Items from a dataset

______________________________

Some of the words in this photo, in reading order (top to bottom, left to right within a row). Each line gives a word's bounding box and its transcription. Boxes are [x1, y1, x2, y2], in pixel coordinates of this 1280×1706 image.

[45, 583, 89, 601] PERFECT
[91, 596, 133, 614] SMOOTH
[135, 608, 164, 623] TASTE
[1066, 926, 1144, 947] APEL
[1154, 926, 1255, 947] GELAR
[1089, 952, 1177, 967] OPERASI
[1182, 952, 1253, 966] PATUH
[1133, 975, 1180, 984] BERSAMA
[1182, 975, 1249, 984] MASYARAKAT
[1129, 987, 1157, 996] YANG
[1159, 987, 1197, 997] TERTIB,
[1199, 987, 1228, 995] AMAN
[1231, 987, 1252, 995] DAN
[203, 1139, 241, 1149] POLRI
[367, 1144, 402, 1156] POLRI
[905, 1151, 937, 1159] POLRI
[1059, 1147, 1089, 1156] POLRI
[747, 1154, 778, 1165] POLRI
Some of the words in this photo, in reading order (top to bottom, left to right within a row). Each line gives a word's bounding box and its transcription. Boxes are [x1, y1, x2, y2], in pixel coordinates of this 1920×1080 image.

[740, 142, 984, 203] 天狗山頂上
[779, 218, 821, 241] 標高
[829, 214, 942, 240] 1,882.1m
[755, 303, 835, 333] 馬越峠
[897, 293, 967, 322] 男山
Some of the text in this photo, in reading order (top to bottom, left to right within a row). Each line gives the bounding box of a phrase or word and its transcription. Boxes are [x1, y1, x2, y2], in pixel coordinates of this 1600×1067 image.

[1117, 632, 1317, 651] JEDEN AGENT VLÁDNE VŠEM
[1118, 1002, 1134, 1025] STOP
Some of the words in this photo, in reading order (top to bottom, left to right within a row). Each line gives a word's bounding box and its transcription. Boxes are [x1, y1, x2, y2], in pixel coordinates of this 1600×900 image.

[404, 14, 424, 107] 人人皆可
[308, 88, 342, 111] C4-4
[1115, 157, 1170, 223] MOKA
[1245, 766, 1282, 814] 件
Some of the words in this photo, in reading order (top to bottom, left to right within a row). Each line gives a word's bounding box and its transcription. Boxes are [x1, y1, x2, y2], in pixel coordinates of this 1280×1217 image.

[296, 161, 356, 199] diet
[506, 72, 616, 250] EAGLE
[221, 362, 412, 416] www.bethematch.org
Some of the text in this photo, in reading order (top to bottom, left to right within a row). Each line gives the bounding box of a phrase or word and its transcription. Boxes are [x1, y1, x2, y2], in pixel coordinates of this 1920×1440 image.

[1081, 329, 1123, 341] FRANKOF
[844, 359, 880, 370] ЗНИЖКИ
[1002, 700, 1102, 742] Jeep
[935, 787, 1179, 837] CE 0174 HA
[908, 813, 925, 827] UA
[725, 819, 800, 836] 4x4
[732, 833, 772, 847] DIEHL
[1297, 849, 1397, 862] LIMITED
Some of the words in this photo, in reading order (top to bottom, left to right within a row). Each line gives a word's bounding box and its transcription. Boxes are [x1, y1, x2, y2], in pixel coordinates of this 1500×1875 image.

______________________________

__Work to be completed__: All of the data above should be duplicated exactly.

__The answer__:
Some of the words in this photo, in reading order (top to bottom, left to right within a row). Each line gives a word's bounding box and its transcription. Boxes are [x1, y1, x2, y2], in pixel coordinates of this 1280×1706 image.

[45, 583, 89, 601] PERFECT
[91, 596, 133, 614] SMOOTH
[135, 608, 164, 623] TASTE
[1066, 926, 1144, 947] APEL
[1154, 926, 1255, 947] GELAR
[1089, 952, 1177, 967] OPERASI
[1182, 952, 1253, 966] PATUH
[1133, 975, 1180, 984] BERSAMA
[1182, 975, 1249, 984] MASYARAKAT
[1129, 987, 1157, 996] YANG
[1159, 987, 1197, 997] TERTIB,
[1199, 987, 1228, 995] AMAN
[1231, 987, 1252, 995] DAN
[203, 1139, 241, 1149] POLRI
[367, 1144, 402, 1156] POLRI
[905, 1151, 937, 1159] POLRI
[1059, 1147, 1089, 1156] POLRI
[747, 1154, 778, 1165] POLRI
Some of the words in this photo, in reading order (top to bottom, left to right within a row). Each line gives a word's bounding box and its transcription. Boxes are [x1, y1, x2, y2], in pixel coordinates of this 1920×1080 image.

[740, 142, 984, 203] 天狗山頂上
[779, 218, 821, 241] 標高
[829, 214, 942, 240] 1,882.1m
[755, 303, 835, 333] 馬越峠
[897, 293, 967, 322] 男山
Some of the text in this photo, in reading order (top to bottom, left to right within a row). Each line gives the bounding box of a phrase or word and its transcription. Boxes are [x1, y1, x2, y2], in pixel coordinates of this 1600×1067 image.

[1117, 632, 1317, 651] JEDEN AGENT VLÁDNE VŠEM
[1118, 1002, 1134, 1025] STOP
Some of the words in this photo, in reading order (top to bottom, left to right within a row). Each line gives a word's bounding box and its transcription. Boxes are [x1, y1, x2, y2], in pixel coordinates of this 1600×900 image.

[404, 14, 424, 107] 人人皆可
[308, 88, 342, 111] C4-4
[1115, 157, 1170, 223] MOKA
[1245, 766, 1282, 814] 件
Some of the words in this photo, in reading order (top to bottom, left to right within a row). Each line gives a word's bounding box and its transcription. Boxes are [x1, y1, x2, y2], in pixel coordinates of this 1280×1217 image.

[296, 161, 356, 199] diet
[506, 72, 616, 250] EAGLE
[221, 362, 412, 416] www.bethematch.org
Some of the text in this photo, in reading order (top to bottom, left to right within a row). Each line gives the bounding box of a phrase or word and its transcription. Boxes are [x1, y1, x2, y2], in pixel coordinates of this 1920×1440 image.

[1081, 329, 1123, 341] FRANKOF
[844, 359, 880, 370] ЗНИЖКИ
[1002, 700, 1102, 742] Jeep
[935, 787, 1179, 837] CE 0174 HA
[908, 813, 925, 827] UA
[725, 819, 800, 836] 4x4
[732, 833, 772, 847] DIEHL
[1297, 849, 1397, 862] LIMITED
Some of the words in this photo, in reading order (top to bottom, left to right within a row). Each line gives a word's bounding box and its transcription. Boxes are [x1, y1, x2, y2], in pixel coordinates of this 1500×1875 image.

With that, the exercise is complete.